Aseptic sampling valve: microbial pollution source in beer production
The use of aseptic sampling valve is an important means for beer production enterprises to improve the level of on-site microbial management. However, most people do not know its structure clearly, and there are misunderstandings in its use, maintenance and maintenance. The misconception that aseptic sampling valve is aseptic easily leads to the embarrassing situation that aseptic sampling valve becomes the source of microbial pollution in production.
Now in order to enhance the influence of their products, beer production enterprises are constantly strengthening the control and management level of internal production process, one of which is to vigorously promote cleaner production. The promotion of draft beer makes all human beings realize the importance of microbial management. So where does microbial pollution come from? Many people can accurately answer, water, CO2/N2, compressed air, production equipment, filling environment. Yes, these are the big aspects. Each aspect can be decomposed to a point according to its specific application. What we need to examine here is the production equipment.
What are the main production equipment of brewery?

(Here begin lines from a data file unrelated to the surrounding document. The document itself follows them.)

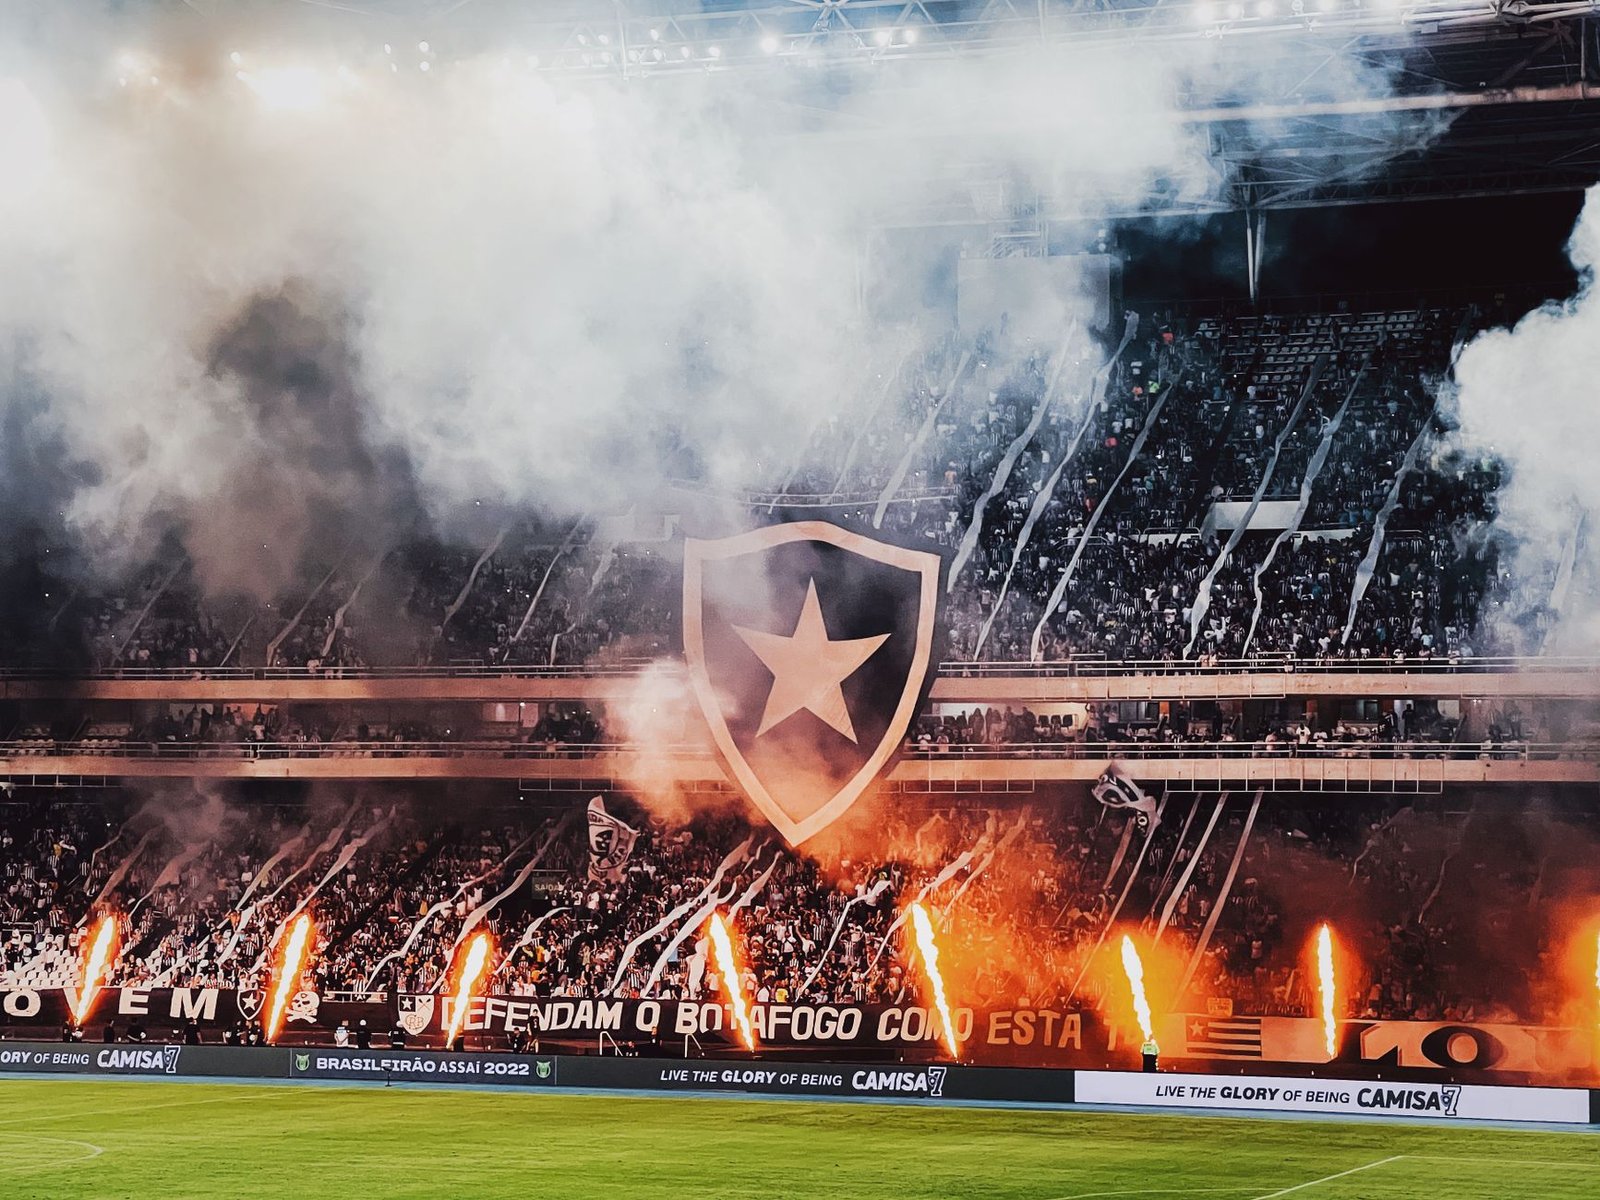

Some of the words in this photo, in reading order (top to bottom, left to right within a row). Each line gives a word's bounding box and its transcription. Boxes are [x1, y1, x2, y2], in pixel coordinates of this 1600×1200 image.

[635, 1000, 660, 1032] O
[987, 1010, 1082, 1050] ESTA
[33, 1053, 51, 1064] OF
[52, 1053, 90, 1065] BEING
[316, 1056, 436, 1074] BRASILEIRÃO
[438, 1060, 481, 1074] ASSAÍ
[484, 1062, 530, 1076] 2022
[660, 1069, 689, 1082] LIVE
[693, 1070, 719, 1083] THE
[721, 1070, 777, 1084] GLORY
[780, 1073, 798, 1085] OF
[800, 1073, 843, 1086] BEING
[1156, 1085, 1185, 1098] LIVE
[1189, 1086, 1217, 1099] THE
[1219, 1086, 1281, 1101] GLORY
[1282, 1089, 1303, 1102] OF
[1305, 1090, 1350, 1104] BEING

Can body, pipeline (filter, etc.) can be regarded as a fine combination of the two. At present, CIP is the best way to clean the tank and pipeline. For example, CIP cleaning measures for water supply pipeline（ Water is the raw material of beer production, and also the main cleaning medium. After a period of use, a layer of slime and slippery substance grows on the surface of general water pipes. If it is used longer, a layer of sediment will be deposited, which contains a large number of various microorganisms.) CIP has very high requirements on the material and inner surface of fermentation tank, sake tank, yeast storage tank, yeast expansion tank and their connecting pipes, such as stainless steel material, polishing treatment with an accuracy of 0.2 micron on the inner surface, etc. In addition, in order to achieve the purpose of cleaning, we should pay attention to that if the fermentor is washed, its supply pipe must be the same or larger than the diameter of the washer, and ensure the four conditions of flow rate, flow rate, temperature, concentration and time, etc. But for most people, a small detail that is easy to be ignored is the management and control of sampling valve.

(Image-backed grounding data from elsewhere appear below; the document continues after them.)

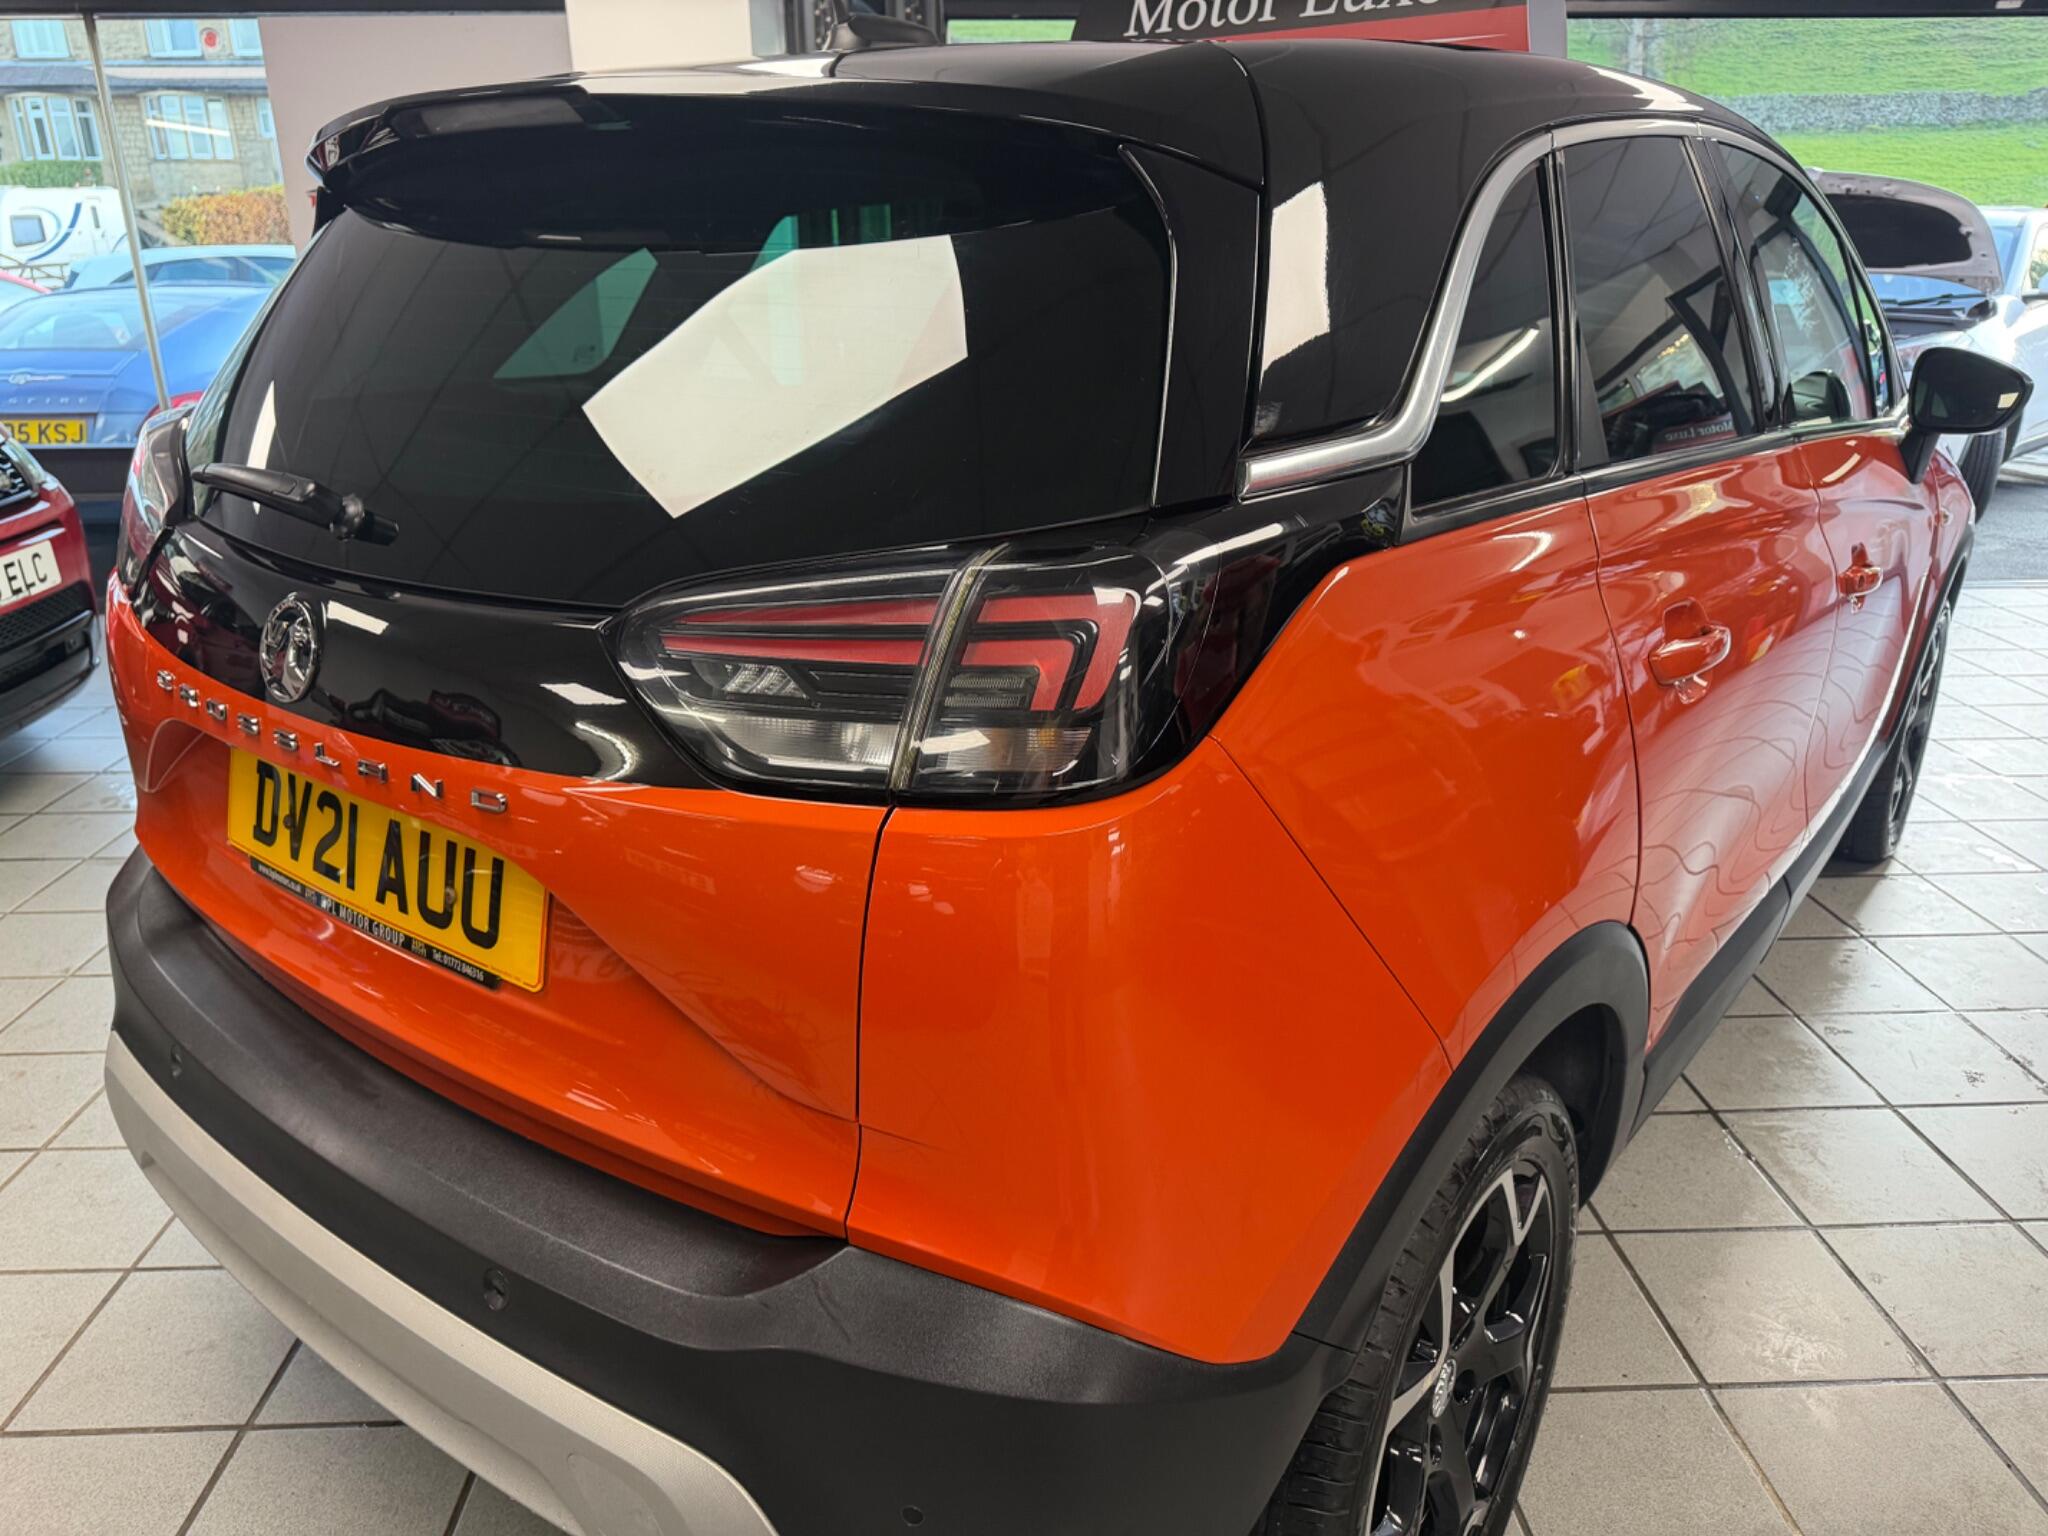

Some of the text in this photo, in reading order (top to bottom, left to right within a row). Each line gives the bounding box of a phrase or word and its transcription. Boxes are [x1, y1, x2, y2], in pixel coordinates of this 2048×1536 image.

[1123, 0, 1441, 37] Motor Lu
[38, 422, 84, 444] KSJ
[3, 552, 48, 596] ELC
[156, 669, 508, 815] CROSSLAND
[252, 759, 505, 950] DV21 AUU
[339, 906, 370, 933] MOTOR
[372, 922, 406, 947] GROUP

The structure of aseptic sampling valve mainly includes sealant sleeve, sample chamber, sampling port, stainless steel thimble, spring, thimble sleeve and manual handle (the difference between automatic aseptic sampling valve and manual valve is whether pneumatic device is used, and its basic principle is the same. Under normal conditions, aseptic sampling valve is equipped with sampling port head of appropriate size), etc. (as shown in Figure 1).

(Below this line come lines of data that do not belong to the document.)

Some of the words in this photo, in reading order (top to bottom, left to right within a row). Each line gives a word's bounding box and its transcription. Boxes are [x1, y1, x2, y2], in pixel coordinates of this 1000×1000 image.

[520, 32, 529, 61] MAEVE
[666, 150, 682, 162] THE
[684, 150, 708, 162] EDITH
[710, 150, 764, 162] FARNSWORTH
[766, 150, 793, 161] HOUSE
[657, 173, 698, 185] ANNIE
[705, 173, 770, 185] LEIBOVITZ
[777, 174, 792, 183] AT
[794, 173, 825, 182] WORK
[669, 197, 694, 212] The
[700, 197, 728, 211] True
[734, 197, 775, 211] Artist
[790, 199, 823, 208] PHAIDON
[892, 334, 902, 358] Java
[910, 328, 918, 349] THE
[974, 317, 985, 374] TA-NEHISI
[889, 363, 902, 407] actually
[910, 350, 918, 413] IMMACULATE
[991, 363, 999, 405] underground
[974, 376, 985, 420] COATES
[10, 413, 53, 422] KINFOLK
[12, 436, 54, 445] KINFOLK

Fig. 1 Structure of aseptic sampling valve
Its basic working principle is that when it is in the closed state, the thimble is pushed by the spring tension or other pressure, and the thimble presses the sealant head on the opening of the tank wall to achieve the sealing effect; If sampling is needed, steam or other bactericidal medium is introduced from one (generally the lower) sampling port to fill the whole sample chamber and lead it out from the other sampling port. After a certain period of time, the sample chamber and sampling port are in a sterile state; Then, by twisting the handle, shrinking the spring and loosening the thimble, the sealant head is separated from the opening on the tank wall, so that the sample flows out from the tank through the sample chamber and is collected from the sampling port; After sampling, screw the handle, relax the spring, and press the sealant head on the opening of the tank wall again through the thimble; Inject clean water to discharge the residual liquid in the sample room (if the sample is sterile water or other clean medium, this step can be omitted), and then inject sterilization medium for sealing and retention, waiting for the next sampling.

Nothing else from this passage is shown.